Saturday, January 30, 2010

Seva* listens to BVHP about health issues

Photo: Participants in a program started by Dr. Risha Irby-Irvin, a Seva* team member who has just won a prestigious award. From left, Robert Dickerson, Dijon Shepard and Jamil McQuinn join Taniqua Alexander, right, and other program participants on a field trip to the set of the TV show CSI.

What if policymakers at all levels heard from those who live, work and play in San Francisco’s Bayview Hunters Point neighborhood about real experience and grassroots responses to community health and wellness?

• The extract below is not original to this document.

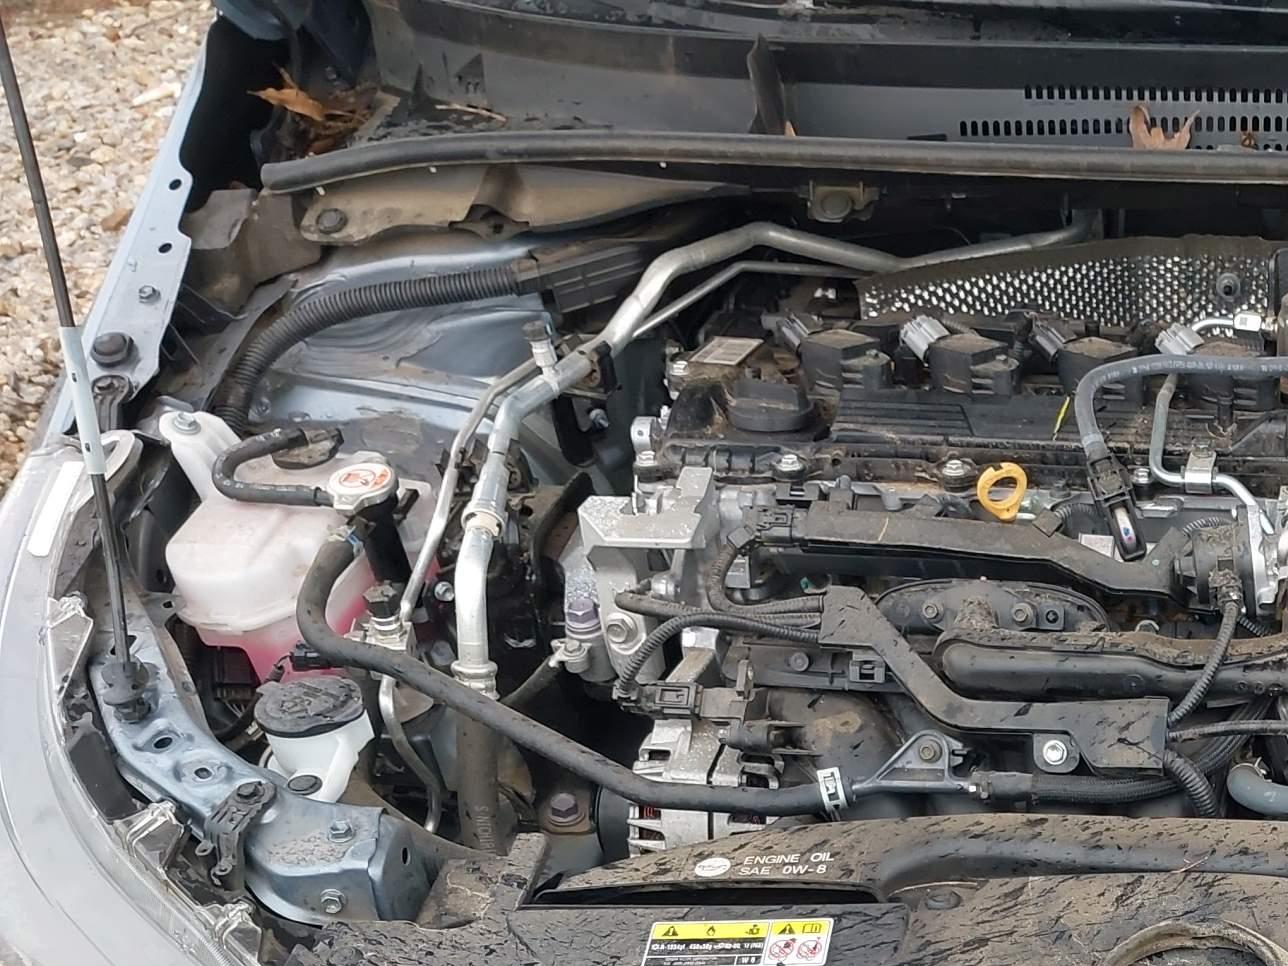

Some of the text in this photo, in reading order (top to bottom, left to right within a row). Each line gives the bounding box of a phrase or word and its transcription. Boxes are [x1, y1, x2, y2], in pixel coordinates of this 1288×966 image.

Seva*, a partnership between the BVHP community and San Francisco General Hospital’s Internal Medicine Residency Program, believes they should. Residents of Bayview Hunters Point can expect to live on average 14 years less than residents living on Russian Hill, according to the highly-regarded Health Matters online tool.

Residents, doctors, community-based organizations and leaders from throughout the neighborhood are engaged in a series of grassroots dialogues that have taken them from the table of the African American Community Health Equity Council to the gym at the Willie Mays Boys & Girls Club.

Seva* participants are listening to the people who suffer most from health disparities and other challenges affecting wellness, and discovering untapped community wisdom for addressing the needs of the people who live within that community. A policy and advocacy tool is being developed to amplify grassroots experience and knowledge.

There are still involvement opportunities for anyone interested in Seva*’s work. BVHP organizations can host a community dialogue and sign-up as an organizational supporter, and individuals can serve on the Seva* Accountability Council to review drafts of the brief. Contact Roberto Ariel Vargas for more information.

*Seva emerged from relationships built within the Southeast Sector Food Access Working Group, and is funded by University of California Partnerships.

The student doctors who are part of the Seva* team are remarkable for their commitment to making the world a better place for all people through good healthcare provision. Several of them have made recent contributions.

For instance, Risha Irby-Irvin, MD, who is in her third year of residency, was honored by the American Association of Medical Colleges for her work in designing and implementing the Summer Empowerment Academy, a program that offers support and guidance to teenagers from low-income communities and seeks to inspire them to pursue higher education.

Risha started the program with her husband Nathan, an emergency medicine resident at Highland Hospital in Oakland, to address some of the social determinants of health. Why?

“I work at San Francisco General Hospital,” she says, “and every day I see the effects of poverty, violence and a lack of educational opportunities.”

Devora Keller, MD, co-authored a paper called “Health Literacy: New developments and research” in the Journal of Communication in Healthcare about health literacy in vulnerable populations.

The fact that it often seems like doctors and patients speak different languages lends urgency to Devora’s contribution, and is a big part of the reason Seva* exists. Email Devora if you would like to learn more about her work.

Basim Khan, MD, one of the student doctors most involved with Seva*, pulled up to a meeting in Bayview last weekend with a car packed to the roof with boxes of relief supplies for Haiti. Those who know Basim are not surprised by expressions of his concern for others, like this one. Now, those who read the Los Angeles Times shouldn’t be surprised either.

Basim authored a high-profile opinion piece, for that newspaper’s November 5th edition, on the need for more primary care physicians and better community-based healthcare provision. He noted that, fifty years ago, half of all American doctors were primary care physicians, a figure that has dropped to a third.

That fact is alarming since, as Basim says, primary care physicians “are a patient's advocate, an ally in a system that is becoming increasingly complicated, overbearing and even dehumanizing.”

Not to be outdone by his students, Seva* organizer and UC Primary Care/Internal Medicine Residency Program Director, Sharad Jain, MD, was seen on CBS channel 5 recently. He talked about the prevalence of obesity which he and other providers have been seeing for years on the front line of healthcare provision in our area.

The entire Seva* team is proud of the achievements of these and other involved doctors at SF General Hospital.